Optimal Approaches to CKD Case Finding in Indigenous Communities: The Kidney Check Program

Session Information

  • Informational Posters - II
    November 08, 2019 | Location: Exhibit Hall, Walter E. Washington Convention Center
    Abstract Time: 10:00 AM - 12:00 PM

Category: CKD (Non-Dialysis)


  • Wilson, Lucy M., Seven Oaks General Hospital, Winnipeg, Manitoba, Canada
  • Ferguson, Thomas W., University of Manitoba, Winnipeg, Manitoba, Canada
  • Tangri, Navdeep, University of Manitoba, Winnipeg, Manitoba, Canada
  • Rigatto, Claudio, Chronic Disease Innovation Centre, Winnipeg, Manitoba, Canada
  • Levin, Adeera, St. Paul's Hospital and University of British Columbia, Vancouver, British Columbia, Canada
  • Manns, Braden J., Foothills Medical Center, Calgary, Alberta, Canada
  • Harris, Heather, Can-SOLVE CKD, Vancouver, British Columbia, Canada
  • Komenda, Paul, University of Manitoba, Winnipeg, Manitoba, Canada

Indigenous Canadians have high rates of many chronic diseases, including diabetes and chronic kidney disease (CKD). Moreover, they have disproportionately high rates of kidney failure, with increased burden in rural and remote communities that often have a lack of access to medical services.

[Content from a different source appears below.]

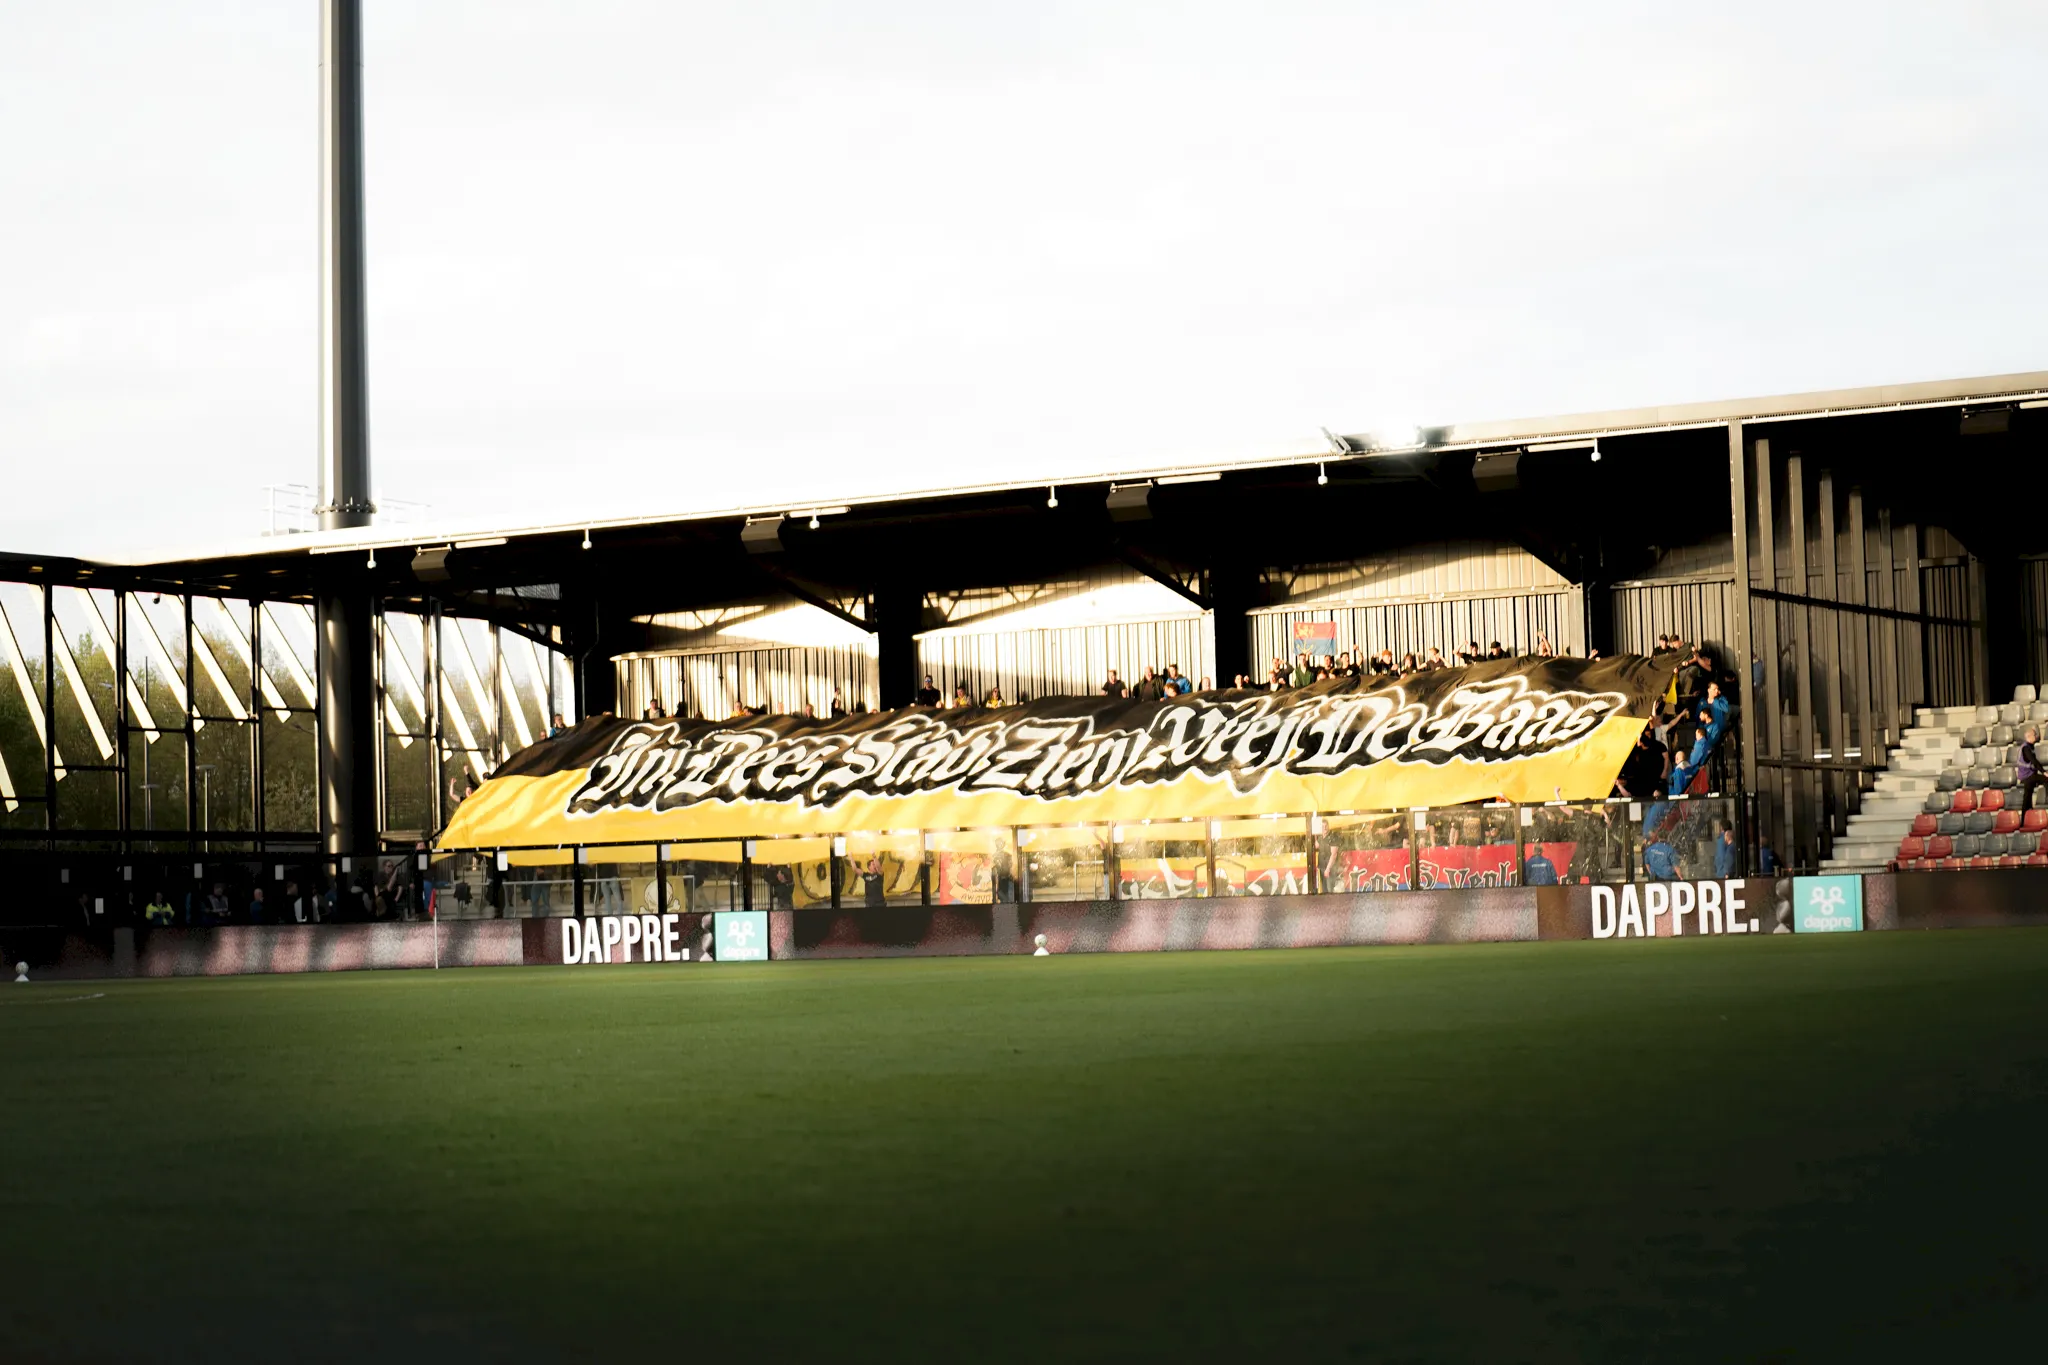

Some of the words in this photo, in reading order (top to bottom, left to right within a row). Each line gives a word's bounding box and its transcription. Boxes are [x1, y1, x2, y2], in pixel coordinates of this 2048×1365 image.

Earlier identification of chronic disease risk factors and appropriate risk stratification using tools such as the Kidney Failure Risk Equation (KFRE) may help reduce progression through earlier lifestyle and pharmacologic interventions known to reduce progression.
The objective of this study is to implement a large national CKD screening, triage, and treatment program in rural and remote indigenous communities across four Canadian provinces (ages 10-85). Our aim is to answer 2 questions: (1) what is the prevalence of CKD and contributing risk factors in Canada’s indigenous communities?; and (2) is a national universal screening program viable, adaptable, and cost-effective for the prevention of kidney failure in indigenous Canadians? The primary outcome of interest is the combined prevalence of at least one unmanaged risk factor of diabetes (elevated hemoglobin A1C), hypertension (elevated blood pressure), or CKD (abnormal eGFR or urine ACR). The program will use point-of-care testing equipment to screen individuals for CKD, diabetes, and hypertension. Patients will be triaged and referred to appropriate follow up care. An overview of the proposed screening paradigm is presented in the accompanying figure.
Anticipated Results
We hypothesize that we will identify a prevalence of chronic disease and CKD related risk factors that is disproportionately high in comparison to the general population. Future studies will examine long term outcomes of those screened to determine real world effectiveness of this intervention through linking with administrative data sources.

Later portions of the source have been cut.